Dans un communiqué daté du 31 mars 2026, de la part du ministre de l’Information et des Médias Cornelius Mweetwa, le gouvernement Zambien informe adopter des mesures d’urgence face à la crise du carburant dans le pays, engendré par le conflit armé au Moyen-Orient.
Protéger l’économie zambienne est actuellement la principale préoccupation du gouvernement du pays. En effet, selon M. Mweetwa, le pouvoir s’inquiète de la persistance du conflit au Moyen-Orient, qui a complètement perturbé les chaînes d’approvisionnement mondiales en pétrole suite à la fermeture du détroit d’Ormuz.

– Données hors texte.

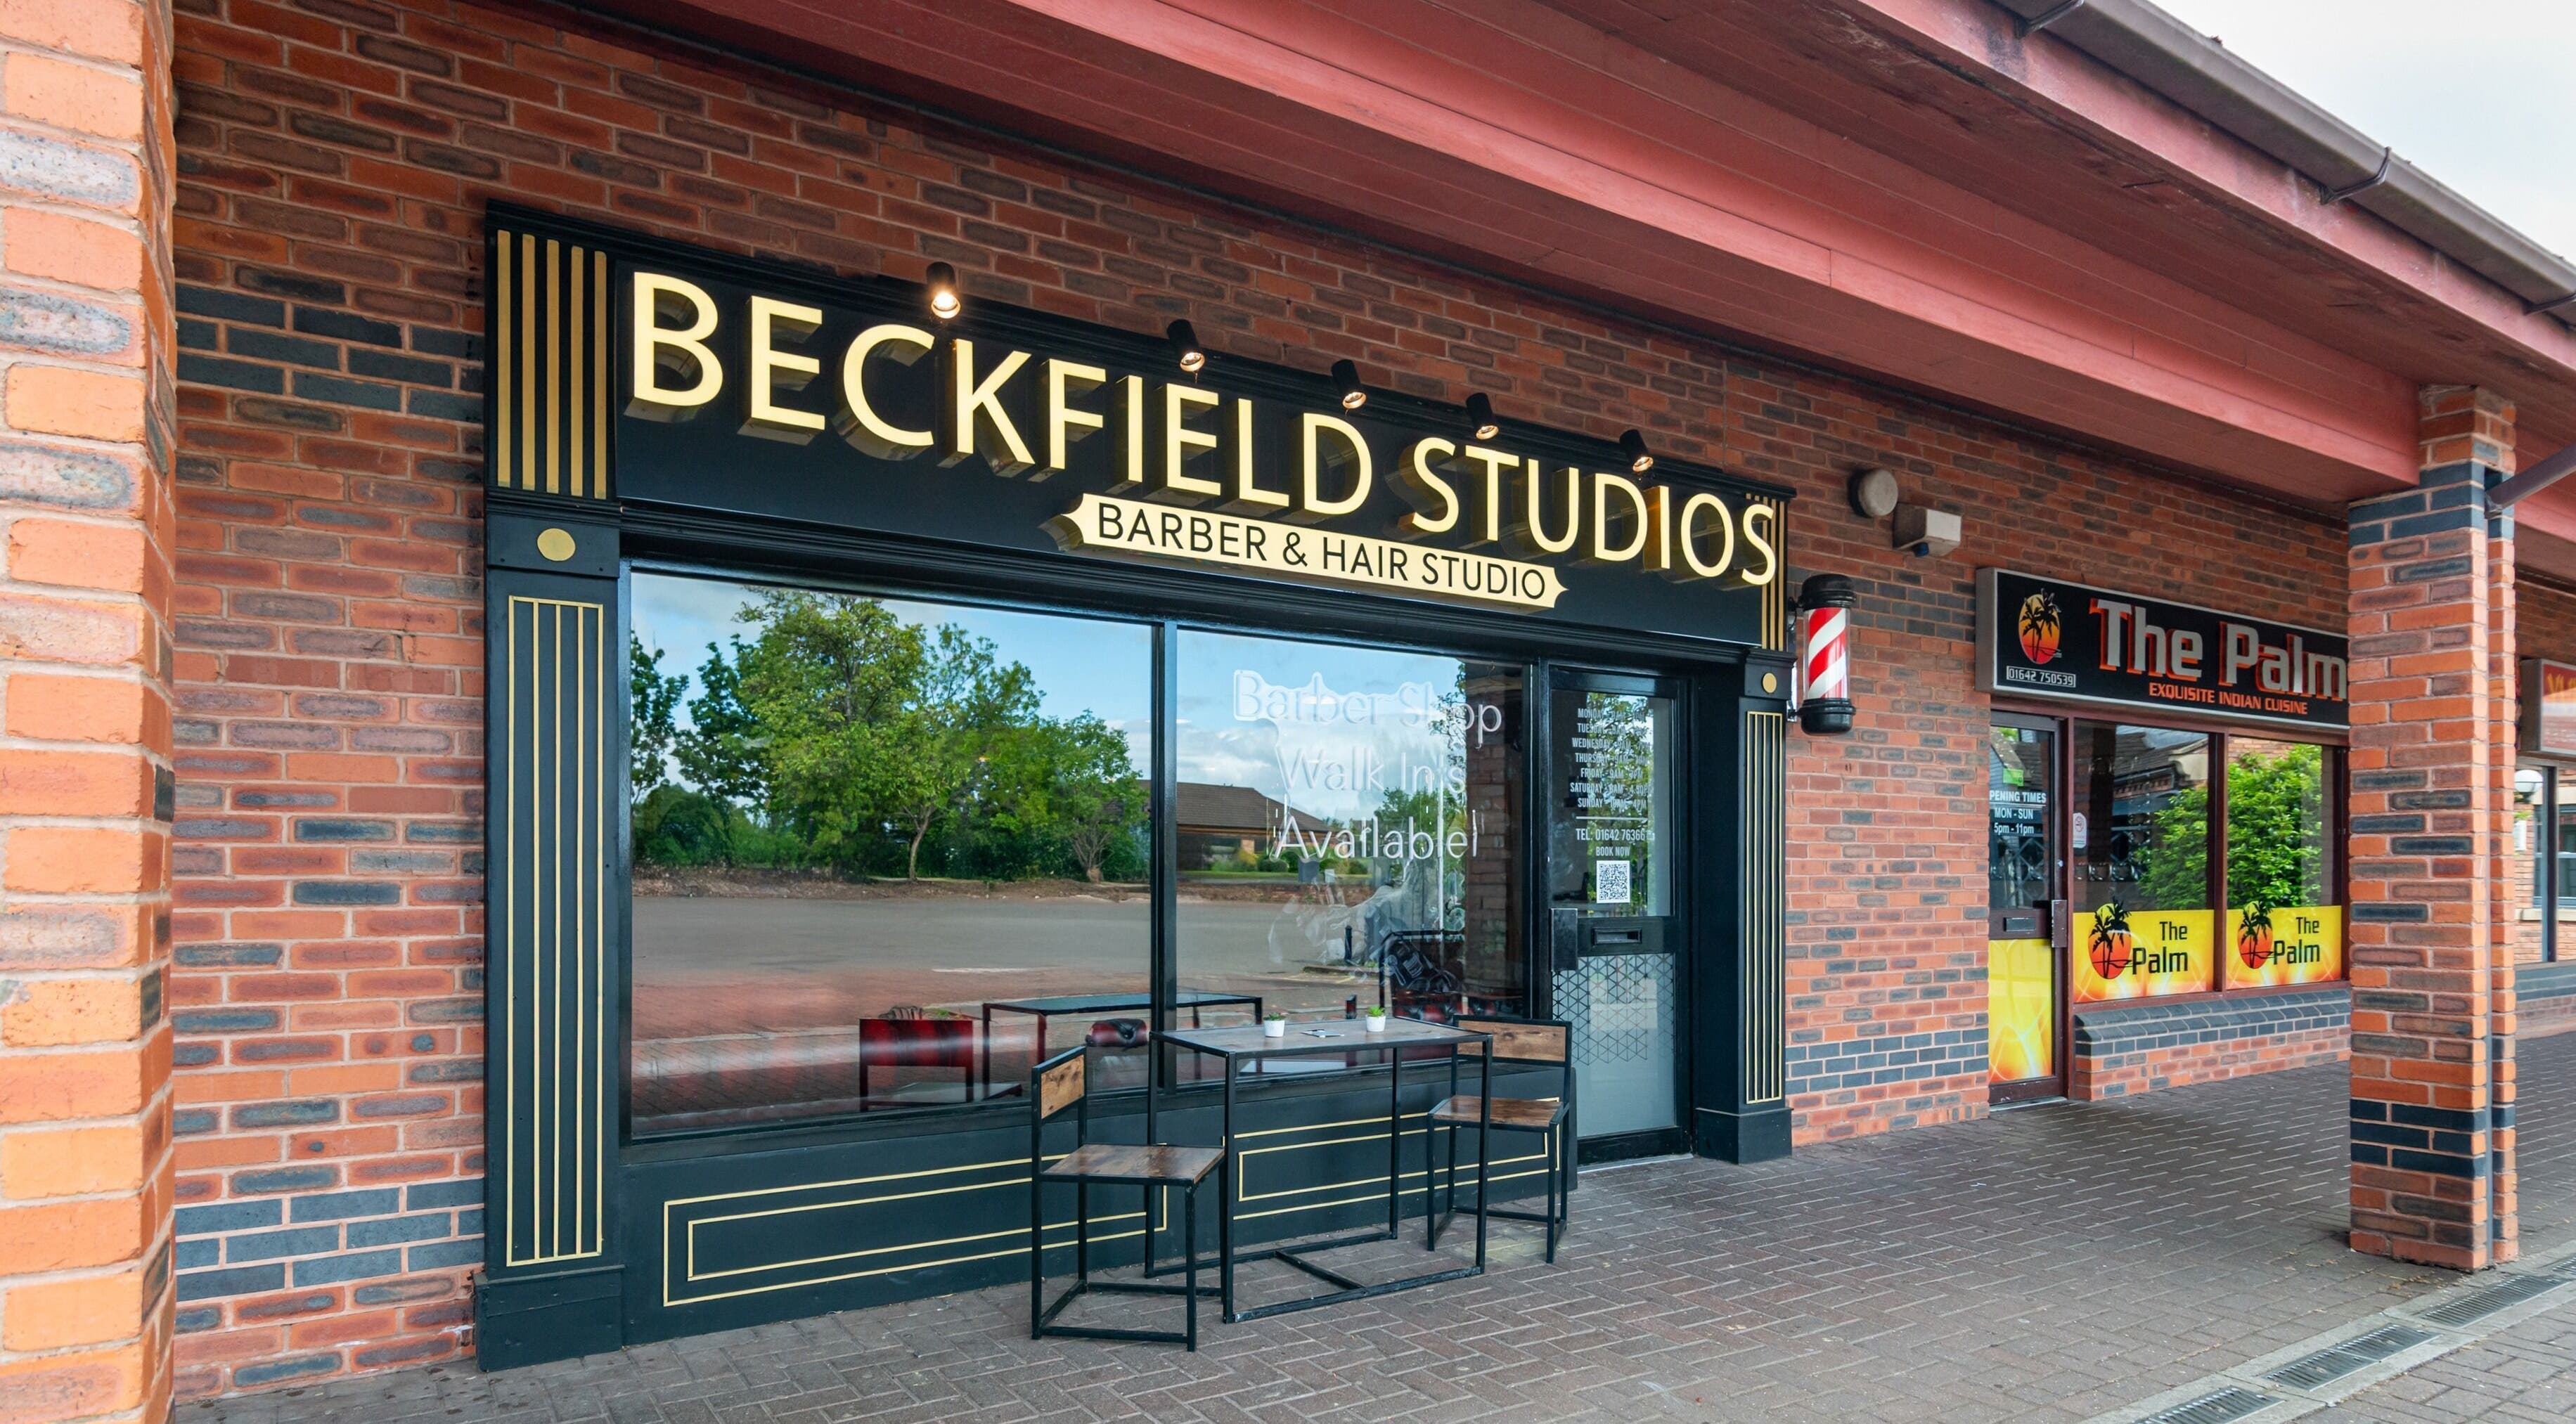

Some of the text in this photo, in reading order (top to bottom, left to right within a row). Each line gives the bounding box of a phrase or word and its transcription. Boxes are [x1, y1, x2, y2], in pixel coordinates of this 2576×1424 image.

[632, 271, 1777, 585] BECKFIELD STUDIOS
[1097, 502, 1546, 600] BARBER & HAIR STUDIO
[2089, 597, 2347, 701] The Palm
[2009, 668, 2073, 686] 01642 750539
[1235, 671, 1388, 725] Barber
[2149, 682, 2308, 715] EXQUISITE INDIAN CUISINE
[1572, 737, 1611, 749] WEDNESDAY
[1575, 753, 1608, 764] THURSDAY
[1276, 746, 1384, 791] Walk
[1580, 768, 1604, 778] FRIDAY
[1609, 769, 1624, 779] 9AM
[1570, 782, 1604, 794] SATURDAY
[1989, 789, 2047, 803] PENING TIMES
[1578, 797, 1604, 808] SUNDAY
[1994, 807, 2012, 819] MON
[2018, 808, 2034, 820] SUN
[1595, 829, 1619, 841] 01642
[1621, 829, 1651, 842] 76366
[1994, 822, 2010, 836] 5pm
[2015, 823, 2035, 836] 11pm
[1596, 846, 1630, 857] BOOK NOW
[2159, 920, 2188, 941] The
[2295, 916, 2320, 936] The
[2132, 946, 2189, 976] Palm
[2272, 939, 2321, 966] Palm

Cette situation a entraîné une hausse des prix internationaux du carburant et une pression à la hausse sur les prix à la pompe au niveau national.

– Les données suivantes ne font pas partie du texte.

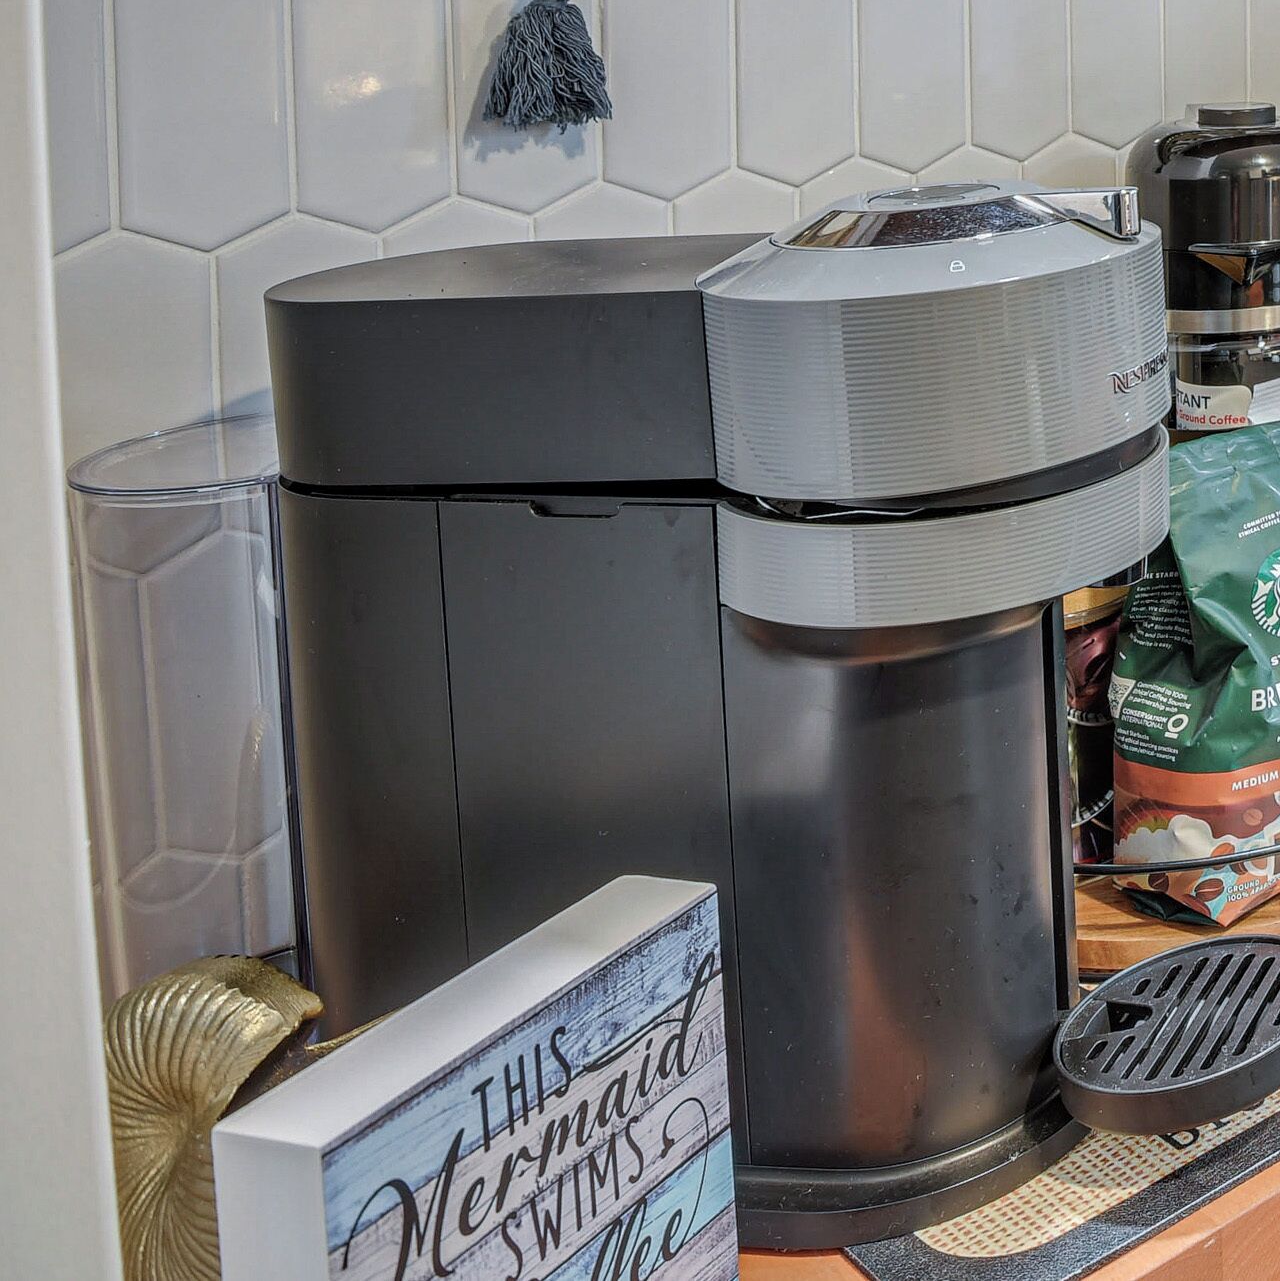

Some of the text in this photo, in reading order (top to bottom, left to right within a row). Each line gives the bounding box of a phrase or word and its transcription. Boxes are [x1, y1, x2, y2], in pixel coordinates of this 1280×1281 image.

[1209, 414, 1247, 426] Coffee
[1238, 525, 1261, 539] ETHICAL
[1260, 518, 1280, 530] COFFEE
[1243, 513, 1276, 530] COMMITTED
[1137, 681, 1166, 694] Committed
[1121, 715, 1163, 730] INTERNATIONAL
[1122, 707, 1168, 723] CONSERVATION
[1231, 770, 1279, 791] MEDIUM
[1227, 879, 1260, 894] GROUND
[1227, 889, 1249, 903] 100%
[472, 1026, 573, 1152] THIS
[342, 952, 720, 1281] Mermaid
[501, 1115, 645, 1281] SWIMS

Afin de veiller à sa stabilité économique, l’Etat Zambien a approuvé l’exonération de la taxe sur la valeur ajoutée (TVA), et la suspension des droits d’accise sur les importations d’essence et de diesel pour une période de trois mois à compter du 1er avril, d’après un communiqué. Le 31 mars également, l’autorité de régulation de l’énergie de Zambie a annoncé une révision à la hausse des prix du carburant à la pompe. Dans le cadre de la nouvelle structure tarifaire, le prix de l’essence a augmenté de 2,03 %, tandis que celui du diesel a grimpé de 28,09 %.
Certains analystes ont averti que la pénurie de carburant s’étendait au-delà du pays. « L’insécurité énergétique est énorme. Elle ne touche pas seulement la Zambie, mais environ 75 % des autres pays africains, » explique Johnstone Chikwanda, expert en énergie, qui souligne aussi une crainte concernant la « disponibilité » du carburant.